§ Directions for this task: The answer must restate the listing word for word, without its images.

§ Material provided:
===

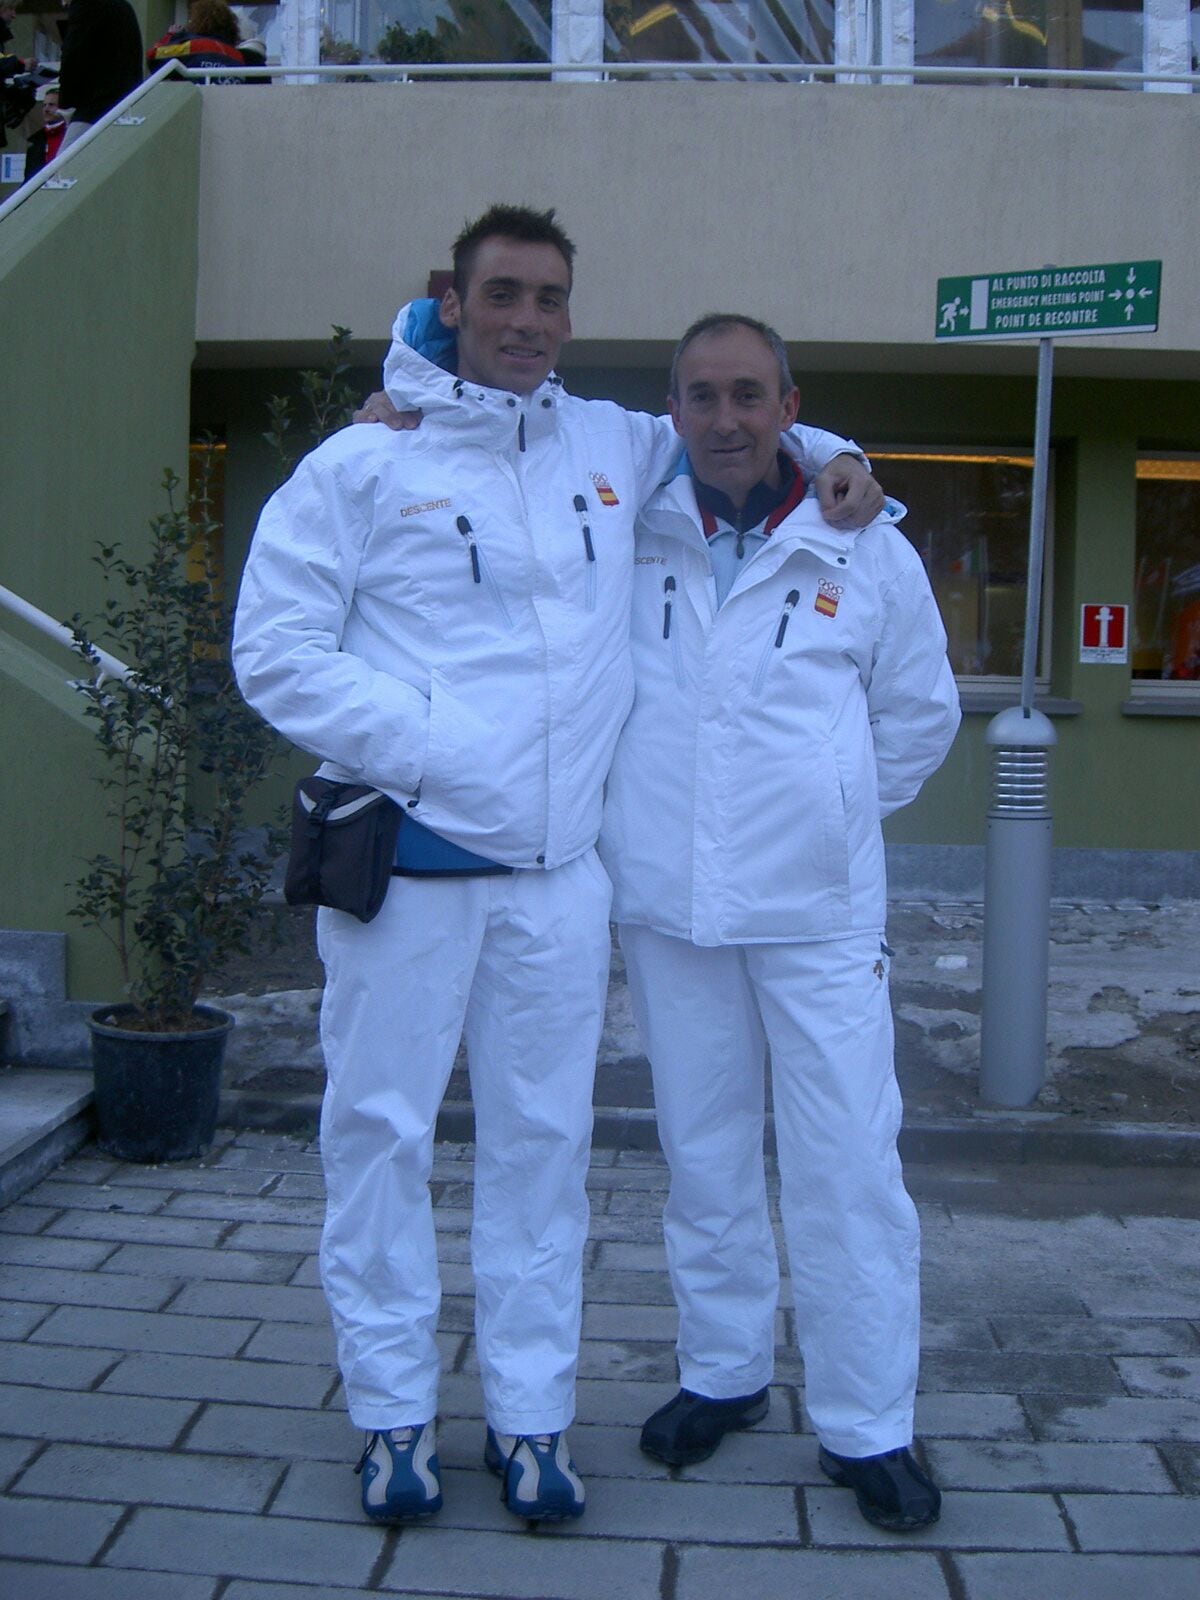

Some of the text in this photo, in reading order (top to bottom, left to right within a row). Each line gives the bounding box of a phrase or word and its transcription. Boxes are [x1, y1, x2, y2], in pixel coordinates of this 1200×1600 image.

[992, 269, 1106, 291] AL PUNTO DI RACCOLTA
[991, 289, 1105, 309] EMERGENCY MEETING POINT
[995, 308, 1098, 328] POINT DE RECONTRE
[400, 498, 452, 517] DESCENTE
[634, 555, 668, 566] SCENTE

===

§ Solution:
Some of the text in this photo, in reading order (top to bottom, left to right within a row). Each line gives the bounding box of a phrase or word and its transcription. Boxes are [x1, y1, x2, y2], in pixel coordinates of this 1200×1600 image.

[992, 269, 1106, 291] AL PUNTO DI RACCOLTA
[991, 289, 1105, 309] EMERGENCY MEETING POINT
[995, 308, 1098, 328] POINT DE RECONTRE
[400, 498, 452, 517] DESCENTE
[634, 555, 668, 566] SCENTE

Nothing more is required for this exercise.